Kidney Failure?


Question:
I'm 52 living (?) with Kidney failure I am at 14% functioning.
I have decided to do nothing and let nature take its course.
Can anyone tell me what the end will be like?

Answers:
Survival when kidney failure is severe (sometimes called end-stage kidney failure) is usually limited to several months in people who are not treated, but those who are treated with dialysis can live many years.

Usually, dying from kidney failure is fairly gentle and most symptoms can be suppressed. The characteristics of your renal failure and your other medical problems help to predict which symptoms may arise.

As the by-products of the body's chemistry accumulate in renal failure, these substances cause an array of symptoms. You almost always lose energy and become sleepy and lethargic, but you may find it hard to sleep at night. Over time, typically you just slips into deeper and deeper sleep and gradually loses consciousness completely.

However, early on, mild confusion and disorientation are common, and usually require only reassurance as treatment. Sometimes, though, upsetting hallucinations or agitation arise. These can be treated very quickly with tranquilizers and anti-anxiety drugs.

Certain minerals in the blood-stream can also accumulate and cause twitching of muscles, tremors and shakes, and even seizures. The tremors are usually of no importance to your comfort, but their onset can signal a need to prevent seizures. Medications to prevent or treat seizures are usually quite effective. Some patients develop mild or more severe itching before they become too sleepy to notice. This can be treated with creams, massage, erythropoietin, and antihistamines.

Sometimes a fine white powdery substance covers the skin, but it is not the cause of itching and is of no importance.

Appetite decreases very early, again to no one's surprise. The accumulation of acids in the bloodstream causes rapid, shallow breathing; this is not an uncomfortable feeling, and the rapid breathing is not changed by oxygen.

Many people with kidney failure pass very little or no urine. If you pass little urine, without dialysis you have to be careful to avoid problems with salt and water overload. Restricting your fluid intake to less than one quart of liquid a day will keep you from having much trouble. Fluid overload results in swelling of the body (edema), particularly of the legs and the abdomen. The excess fluid can also cause congestion of the lungs and the heart, leading to rapid breathing and shortness of breath.

Sitting upright helps relieve the breathing difficulties, at least for a while, as it shifts the fluid away from the chest and toward the legs; it may be impossible for persons in this condition to lie flat. Oxygen and morphine may also ease any feelings of struggling to breathe.

It is important to know that persons with some urine output have lived surprisingly long times after stopping (or refusing) dialysis - sometimes for months. People with no urine output are likely to die within a week or two.

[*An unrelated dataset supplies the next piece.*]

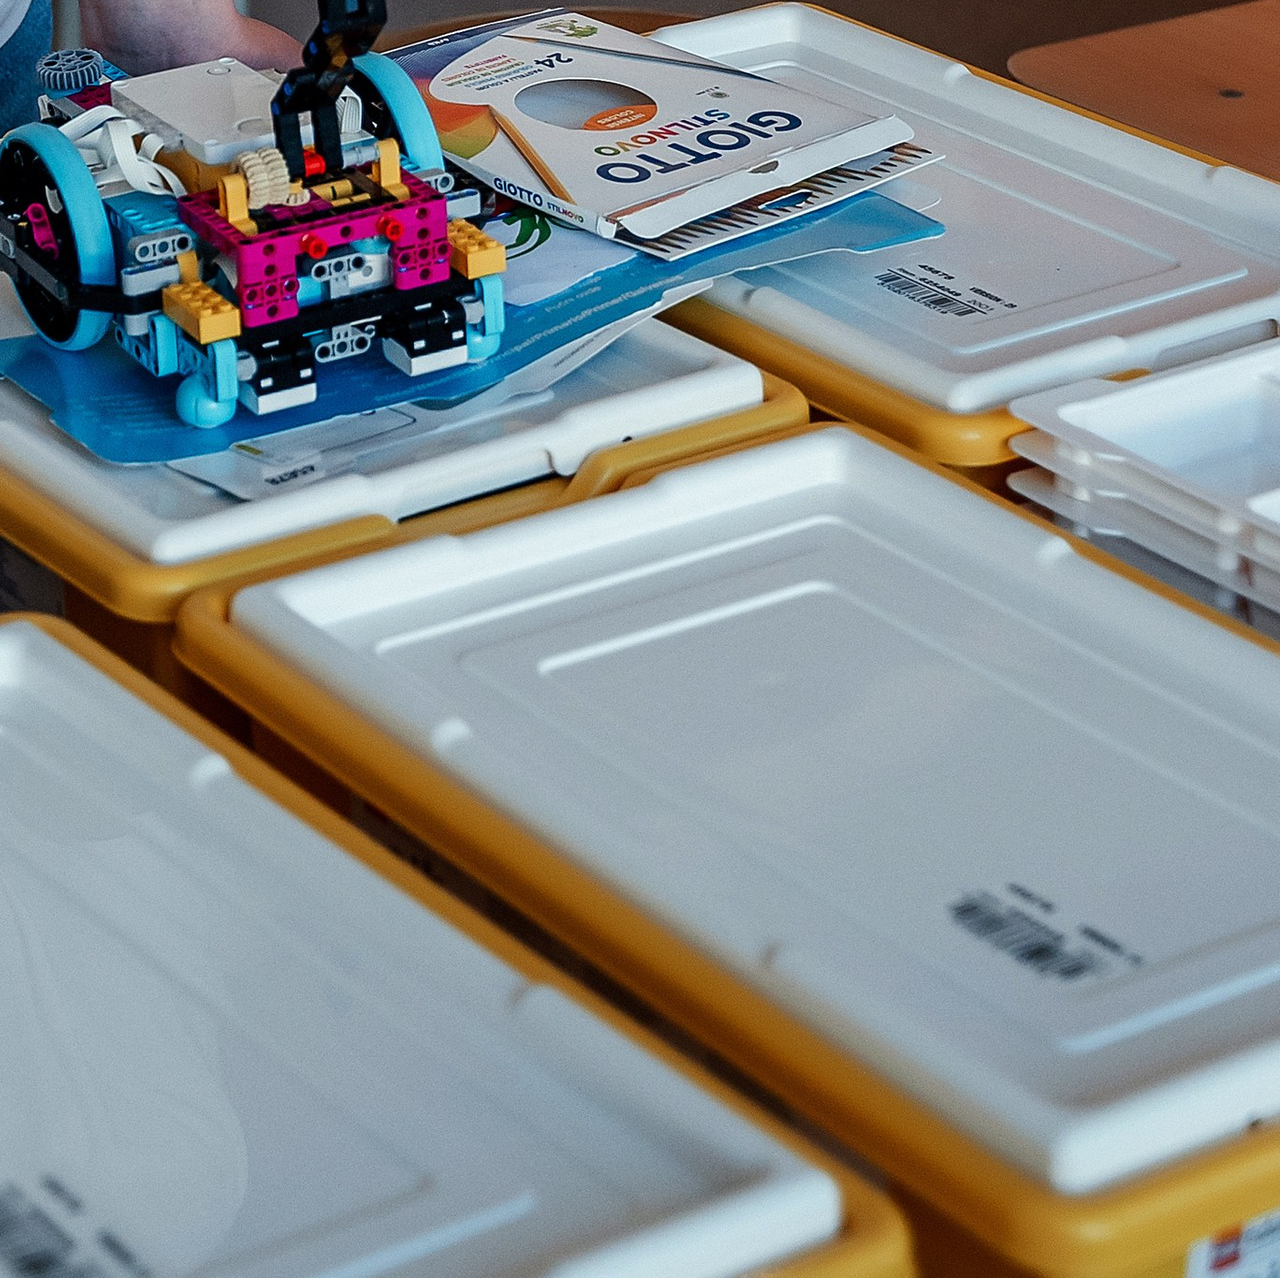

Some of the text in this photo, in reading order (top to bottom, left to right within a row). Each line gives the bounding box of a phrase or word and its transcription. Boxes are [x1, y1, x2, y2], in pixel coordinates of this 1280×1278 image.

[534, 52, 573, 69] 24
[594, 109, 731, 157] STILNOVO
[596, 110, 803, 184] GIOTTO
[493, 177, 585, 224] GIOTTO STILNOVO

If this is your choice, try to be sure that you have a doctor and nurse who are familiar with the problems that might arise. Make sure that medications to treat those problems are readily at hand, especially if you are in a nursing home or at home. In such situations, having a knowledgeable and experienced hospice team involved is often worth exploring, as they will make it their business to get you any urgently needed medications. You probably will have a kidney specialist by this point, and that doctor may be a real help both in making decisions and in keeping you comfortable.

On the whole, when and if you have to die by this means, allowing kidney failure to take its course is not generally a hard way to go. In years past, before dialysis, kidney failure had a reputation of being a gentle death.

I hope that helps

Other Answers:
Bad real bad go ahead with dialysis at least.
Yeah man go ahead with Dyalisi
slow painful and hard but that is the way it was before
You might ? My dad had kidney failure too, and he had a surgery, he only intends to live to 60 years. Hes 47 now.
YOU NEED HELP FROM A DR LIKE NOW
The end will be like a corpse laid in a coffin. You seem so being faithful by expressing "Thy will be done".